Exercise directions: Transcribe the entries exactly. Omit the pictures.

-- Opening Marker --

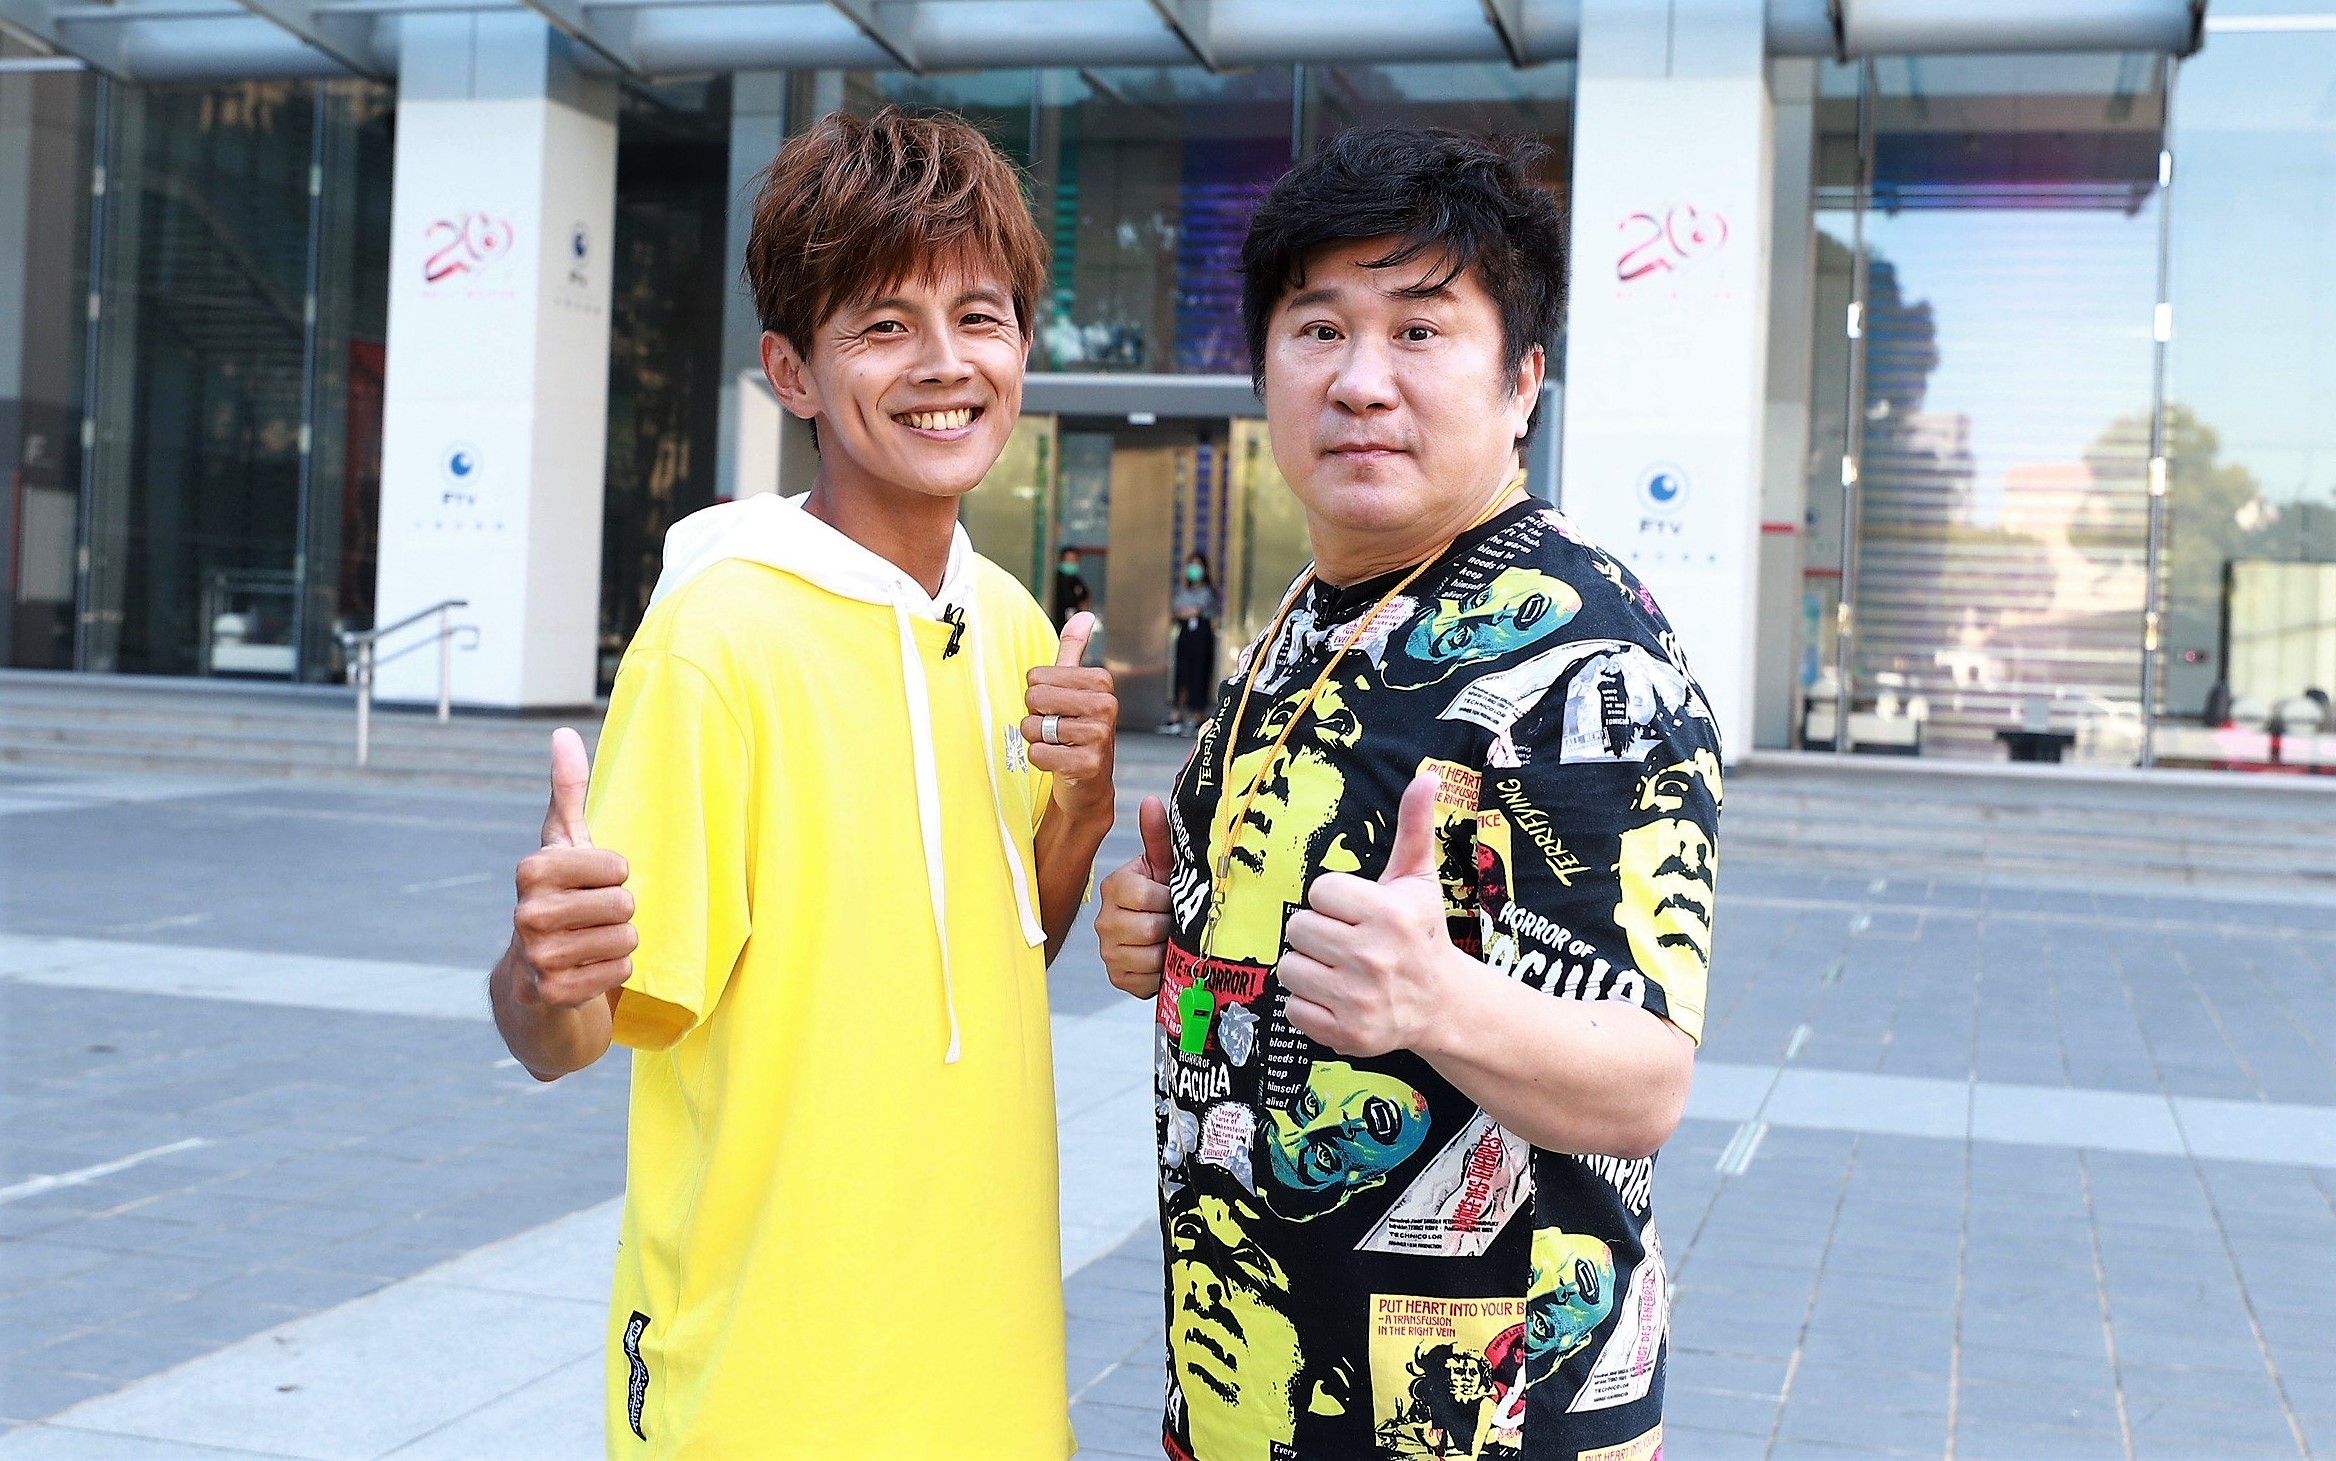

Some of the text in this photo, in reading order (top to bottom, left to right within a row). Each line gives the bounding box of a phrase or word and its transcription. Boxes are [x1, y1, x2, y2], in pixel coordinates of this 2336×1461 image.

[1476, 543, 1503, 558] blood
[1450, 578, 1487, 591] himself
[1196, 695, 1232, 796] TERRIFYING
[1446, 767, 1482, 790] HEART
[1496, 778, 1592, 888] TERRIFYING
[1568, 939, 1597, 958] OF
[1270, 1022, 1286, 1033] the
[1269, 1037, 1309, 1051] blood he
[1267, 1054, 1309, 1065] needs to
[1267, 1067, 1288, 1080] keep
[1267, 1081, 1302, 1095] himself
[1265, 1096, 1290, 1109] alive!
[1389, 1231, 1443, 1240] TECHNICOLOR
[1379, 1299, 1402, 1313] PUT
[1405, 1300, 1447, 1315] HEART
[1450, 1302, 1478, 1316] INTO
[1481, 1302, 1512, 1316] YOUR
[1393, 1315, 1452, 1327] TRANSFUSION
[1378, 1326, 1456, 1337] IN THE RIGHT VEIN
[1273, 1443, 1299, 1460] Every

-- Closing Marker --

Exercise response:
Some of the text in this photo, in reading order (top to bottom, left to right within a row). Each line gives the bounding box of a phrase or word and its transcription. Boxes are [x1, y1, x2, y2], in pixel coordinates of this 2336×1461 image.

[1476, 543, 1503, 558] blood
[1450, 578, 1487, 591] himself
[1196, 695, 1232, 796] TERRIFYING
[1446, 767, 1482, 790] HEART
[1496, 778, 1592, 888] TERRIFYING
[1568, 939, 1597, 958] OF
[1270, 1022, 1286, 1033] the
[1269, 1037, 1309, 1051] blood he
[1267, 1054, 1309, 1065] needs to
[1267, 1067, 1288, 1080] keep
[1267, 1081, 1302, 1095] himself
[1265, 1096, 1290, 1109] alive!
[1389, 1231, 1443, 1240] TECHNICOLOR
[1379, 1299, 1402, 1313] PUT
[1405, 1300, 1447, 1315] HEART
[1450, 1302, 1478, 1316] INTO
[1481, 1302, 1512, 1316] YOUR
[1393, 1315, 1452, 1327] TRANSFUSION
[1378, 1326, 1456, 1337] IN THE RIGHT VEIN
[1273, 1443, 1299, 1460] Every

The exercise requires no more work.